On the altar steps of St Mary’s, Fordham, in Norfolk, there are two remarkable objects that really shouldn’t be there.
These carved slabs of stone appear to be coffin lids. But how old are they, where have they come from, who was buried beneath them, and what messages do they communicate to the living?
The larger stone is beautifully decorated with an elaborately floriated cross. At one end, toothy wyverns are chewing on the intricate vine.
The other stone is much smaller. Could it have been for a child? Or did it once mark the burial of a heart or viscera?
Dr. Madeleine Gray investigates these mysterious memorials at Fordham.
When the Friends took over St Mary's, just south of Downham Market in Norfolk, in 2011, it had been deconsecrated for a couple of decades and had lost most of its fittings. A few intriguing things remained: a medieval bell, a medieval pew with a lion carved on the end, and two medieval tombstones.
The tombstones are both on the altar steps, but they have clearly been moved there from somewhere else. They are placed on top of the tiles, and are lying north-south rather than east-west, the usual way of placing tombstones. And they have presented us with something of a puzzle! An inscription would have been helpful, but not many medieval memorials have inscriptions. It seems that the collective memory of the parish was expected to hold the identity of those who were important enough to have a memorial.
The larger of the two stones is beautifully decorated with an elaborately floriated cross. The shaft of the cross has branches with stylised foliage.
A similar stone can be seen at Hickling, Norfolk; that one bears an inscription in Lombardic lettering to a woman, Rosa.
(photograph of the Hickling memorial © Tim Sutton)
At the bottom of the Fordham stone, two little wyverns are biting the bottom of the shaft. The decoration looks early fourteenth century but the little wyverns are typical of late thirteenth century carving — so we can guess that the stone dates from about 1300.
But what do they symbolise? Usually, the dragon means something evil — so what are these little dragons doing in churches? Opinion is divided on this subject, and it may depend on context.
The wyvern on the tomb probably reflects Psalm 21 verse 13: ‘Thou shalt walk upon the asp and the basilisk: and thou shalt trample under foot the lion and the dragon’. It therefore shows the stem of the cross piercing a symbol of evil.
Wyverns may also symbolise evil when they appear on rood screens. On the other hand, it has been suggested that the vine trails coming out of their mouths are the good news of Jesus, the True Vine. Were they evil, or good spirits? Like many medieval symbols, their intended meaning is now ambiguous.

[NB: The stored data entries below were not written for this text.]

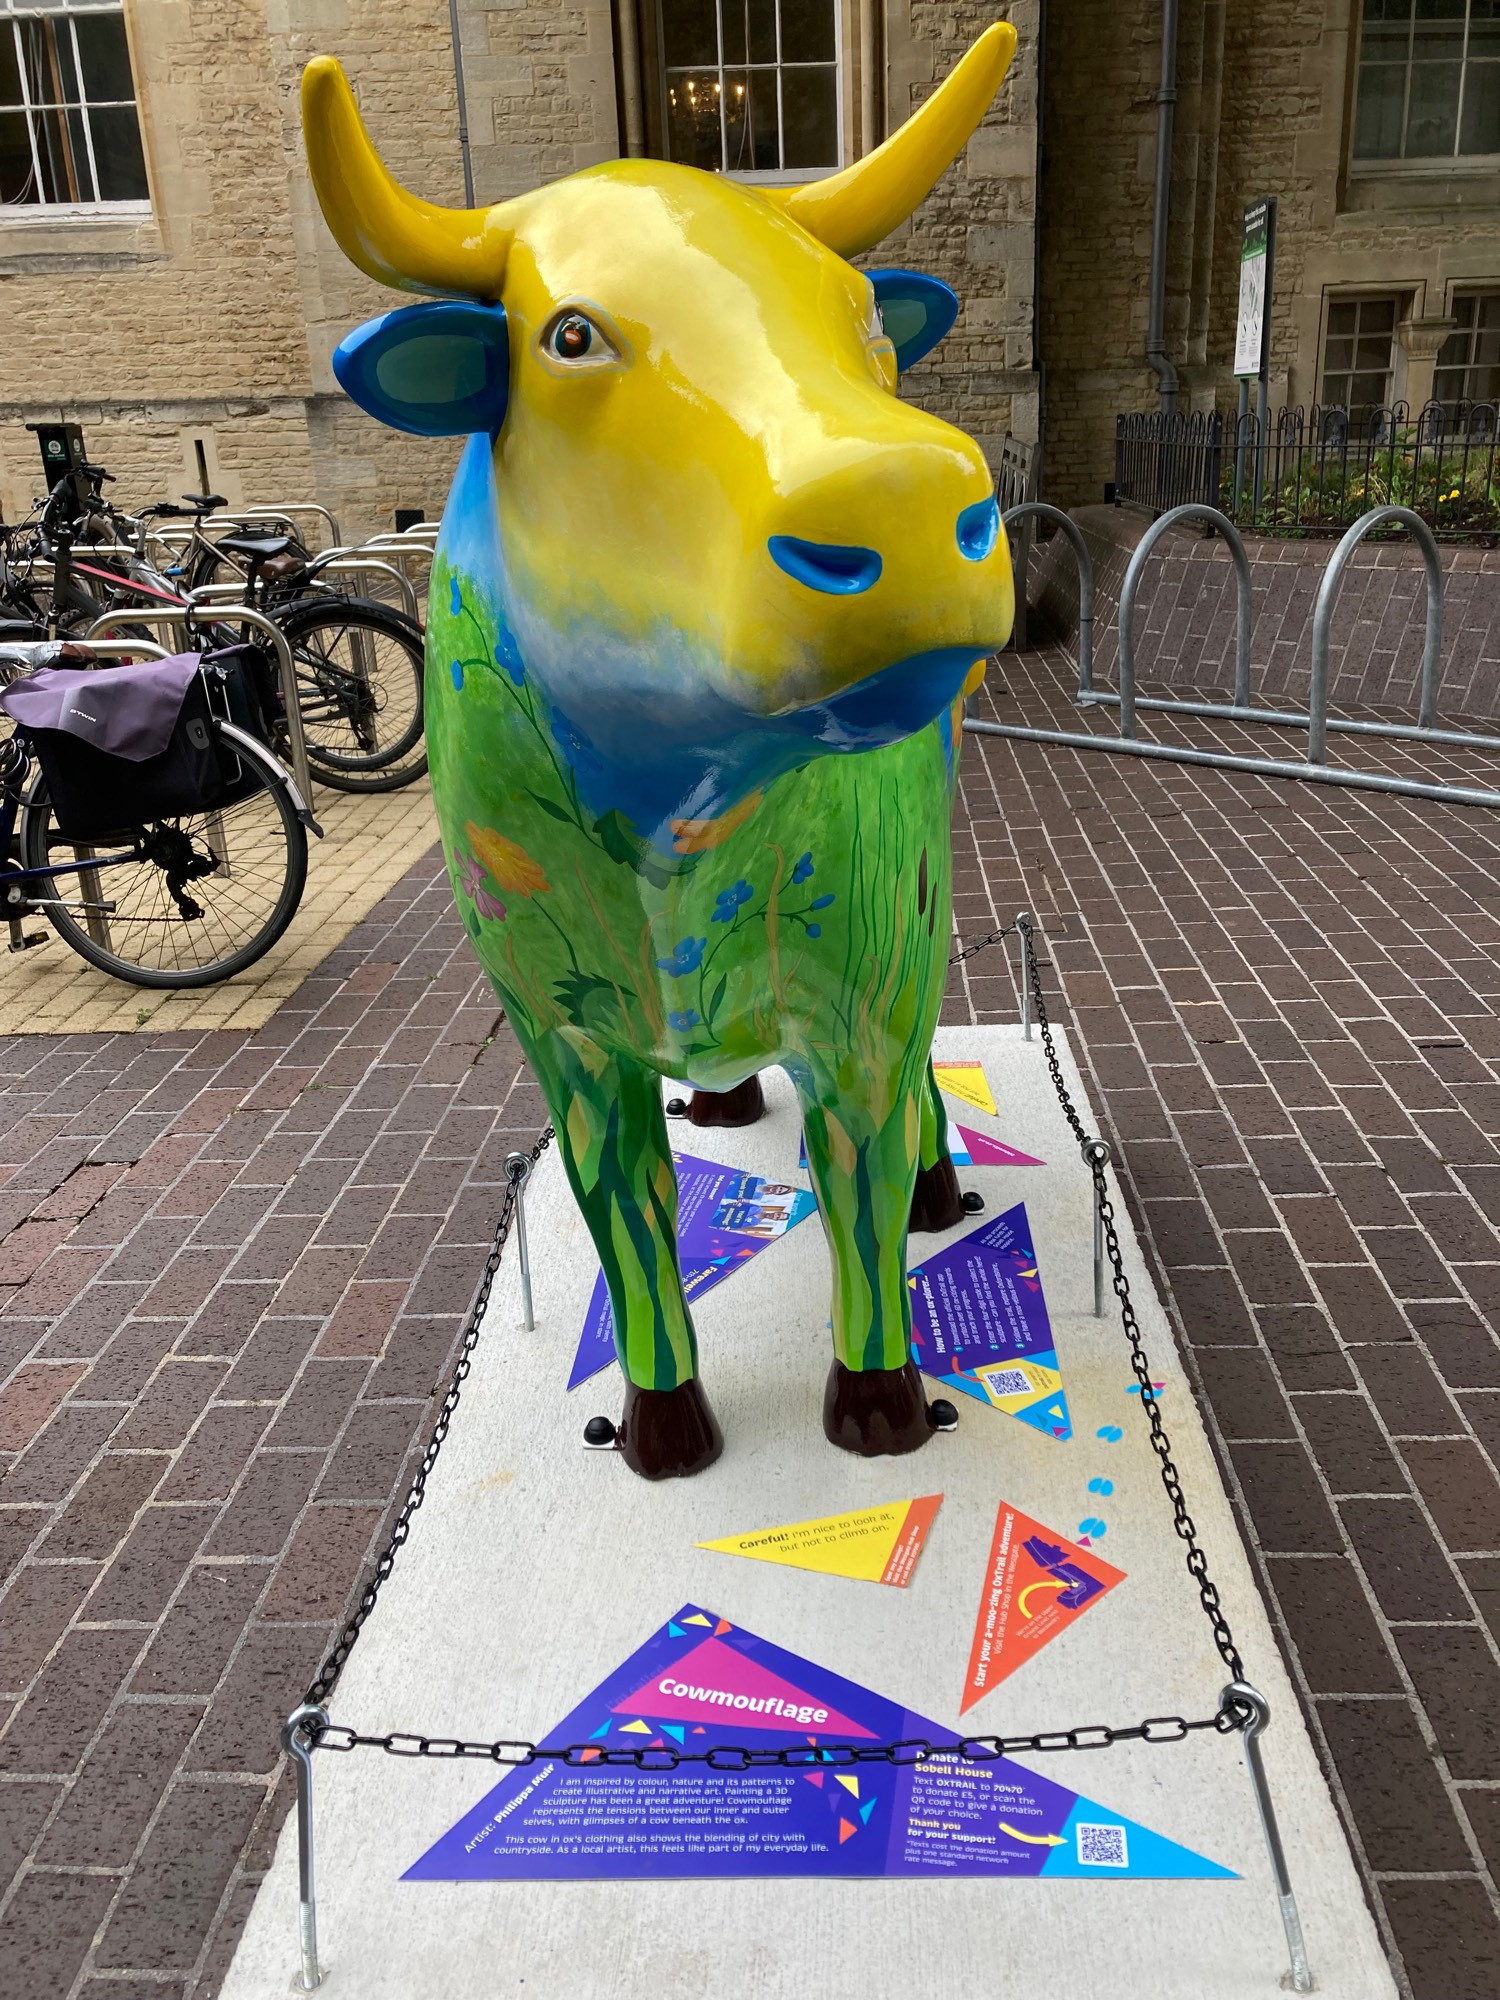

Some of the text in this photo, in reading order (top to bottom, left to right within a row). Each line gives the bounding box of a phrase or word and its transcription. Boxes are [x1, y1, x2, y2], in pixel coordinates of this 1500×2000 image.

[922, 1275, 946, 1353] How to be an ox-plorer...
[739, 1533, 789, 1549] Careful!
[792, 1530, 810, 1538] I'm
[813, 1525, 835, 1534] nice
[852, 1516, 877, 1526] look
[880, 1513, 895, 1521] at,
[780, 1525, 889, 1552] but not to climb on.
[1006, 1574, 1014, 1584] the
[974, 1513, 1014, 1687] Start your a-moo-zing OxTrail adventure!
[1001, 1593, 1012, 1609] Shop
[999, 1611, 1008, 1625] Hub
[997, 1626, 1005, 1638] the
[993, 1639, 1003, 1654] Visit
[659, 1679, 828, 1723] Cowmouflage
[916, 1751, 959, 1763] Dnate
[915, 1763, 993, 1778] Sobell House
[566, 1778, 581, 1786] am
[584, 1778, 621, 1786] inspired
[624, 1777, 635, 1786] by
[638, 1778, 668, 1786] colour,
[742, 1778, 782, 1786] patterns
[914, 1776, 933, 1785] Text
[936, 1778, 977, 1789] OXTRAIL
[552, 1787, 583, 1796] create
[586, 1787, 635, 1795] illustrative
[638, 1787, 656, 1795] and
[658, 1787, 701, 1795] narrative
[725, 1788, 763, 1796] Painting
[912, 1786, 922, 1794] to
[925, 1788, 958, 1797] donate
[961, 1791, 976, 1800] £5,
[993, 1795, 1016, 1803] scan
[1019, 1797, 1035, 1805] the
[543, 1796, 588, 1806] sculpture
[590, 1796, 607, 1805] has
[610, 1796, 633, 1804] been
[644, 1797, 670, 1805] great
[727, 1797, 792, 1805] Cowmouflage
[911, 1796, 925, 1804] QR
[954, 1800, 965, 1808] to
[968, 1802, 988, 1810] give
[999, 1805, 1043, 1816] donation
[465, 1763, 554, 1853] Artist: Philippa Muir
[532, 1806, 584, 1816] represents
[588, 1806, 604, 1814] the
[606, 1806, 646, 1814] tensions
[649, 1806, 691, 1814] between
[742, 1806, 760, 1814] and
[948, 1809, 982, 1819] choice.
[523, 1817, 555, 1826] selves,
[558, 1817, 580, 1825] with
[583, 1816, 625, 1826] glimpses
[628, 1816, 638, 1824] of
[673, 1816, 712, 1824] beneath
[715, 1816, 731, 1824] the
[909, 1818, 961, 1830] Thank you
[505, 1834, 524, 1844] This
[527, 1836, 548, 1844] cow
[550, 1834, 560, 1843] in
[562, 1835, 582, 1843] ox's
[585, 1834, 624, 1844] clothing
[627, 1834, 647, 1842] also
[650, 1834, 681, 1842] shows
[685, 1834, 701, 1842] the
[704, 1834, 745, 1843] blending
[762, 1834, 780, 1842] city
[908, 1828, 996, 1844] for your support!
[494, 1845, 554, 1856] countryside.
[556, 1845, 569, 1854] As
[581, 1845, 603, 1853] local
[606, 1845, 636, 1854] artist,
[662, 1844, 685, 1852] feels
[688, 1844, 705, 1852] like
[708, 1844, 729, 1853] part
[732, 1844, 743, 1852] of
[746, 1845, 761, 1853] my
[764, 1844, 808, 1852] everyday
[965, 1846, 998, 1855] donation
[1000, 1850, 1030, 1859] amount
[922, 1858, 957, 1866] message.
[940, 1852, 974, 1860] standard
[976, 1856, 1009, 1864] network

The stone is wedge-shaped, with a decorated edge, and it has been described as a coffin lid. It is unlikely, though, that such an impressive piece of carving would have been seen once at the funeral and then buried. Earlier medieval coffins were often made of stone and just sunk into the floor of the church, with the lid still visible. This continued, less commonly, into the 15th century. However, by 1300 it was also possible for the deceased to be buried below the floor in a shaft, wooden coffin or simply a shroud, with a coffin ‘lid’ the only visible memorial, incorporated into the floor.
The smaller coped grave-slab is unusual in being decorated with a double-ended cross. It’s older than the floriated slab — circa 12th century. Similar designs can be seen on 11th-12th century grave slabs at Llantrisant and Bridgend in Wales.

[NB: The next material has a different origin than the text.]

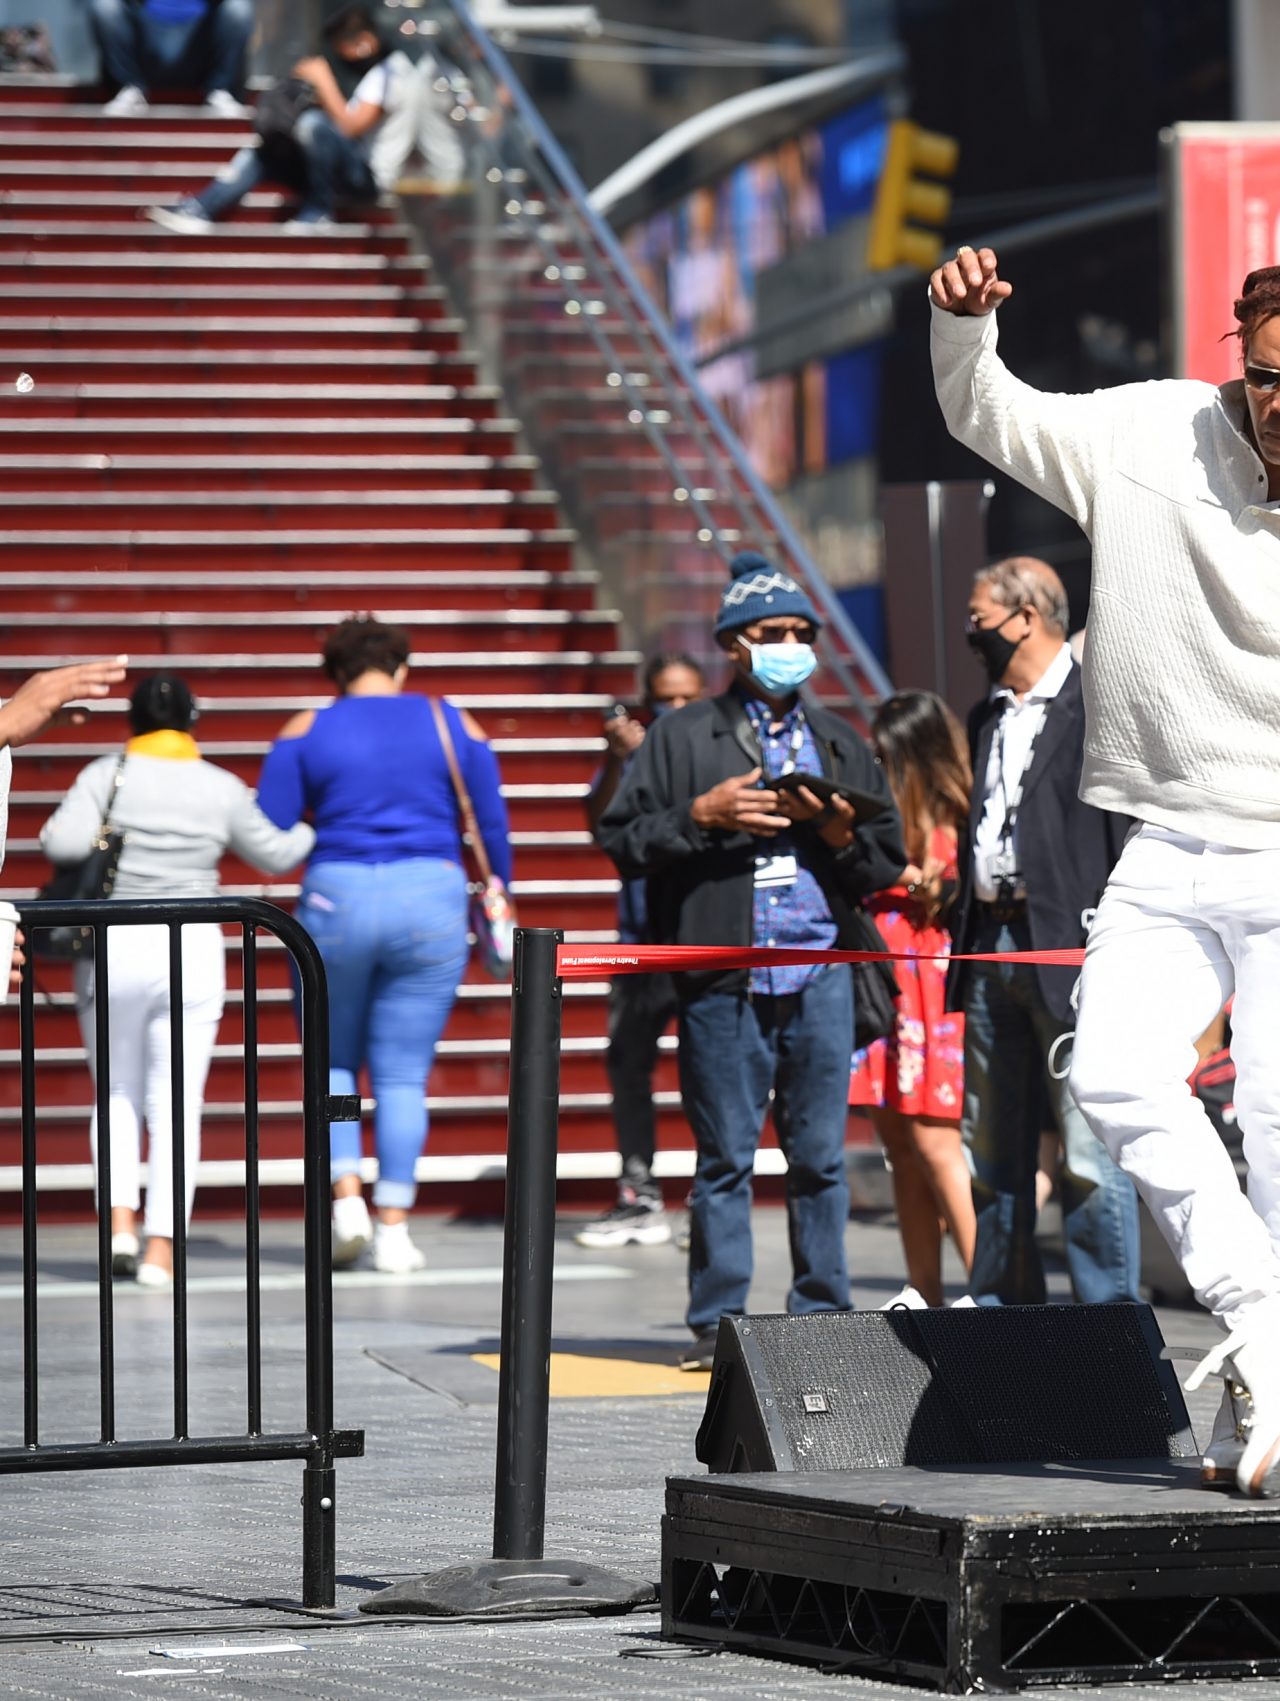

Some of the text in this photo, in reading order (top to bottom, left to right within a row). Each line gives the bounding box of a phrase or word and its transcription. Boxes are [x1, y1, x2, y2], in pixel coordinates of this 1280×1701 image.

Its small size may indicate a child’s burial, or it could be a heart or viscera/entrails monument. According to Sally Badham, who recently published a comprehensive study of these burials: ‘There were a number of reasons for divided burial, from the practical to the devout. First was the example of those who died abroad in the crusades and other wars choosing to send back their hearts to a family foundation. This raises the severely practical reason that entrails deteriorate rapidly. Hence, if a part-burial was to be far away, or after a long delay, the entrails needed to be extracted and buried shortly after death.’1
On the other hand, a small monument could simply reflect the size of the family’s budget.
Lichen on the surface reveals that they have spent some time outside in the past. It is possible that the stone was originally used to cover a burial outside. Coped stones like this one were a problem inside churches, because they stuck up from the pavement. However, they were more likely to have marked intramural burials of individuals who could afford a prominent position inside a church. Since the stones date from the 12th to early 13th century, and the current church dates from the 14th century, they may have laid in an earlier building, or come from another church entirely.
Thank you very much to Sally Badham, MBE, FSA, Vice President of the Church Monuments Society, for contributing her expertise to this article.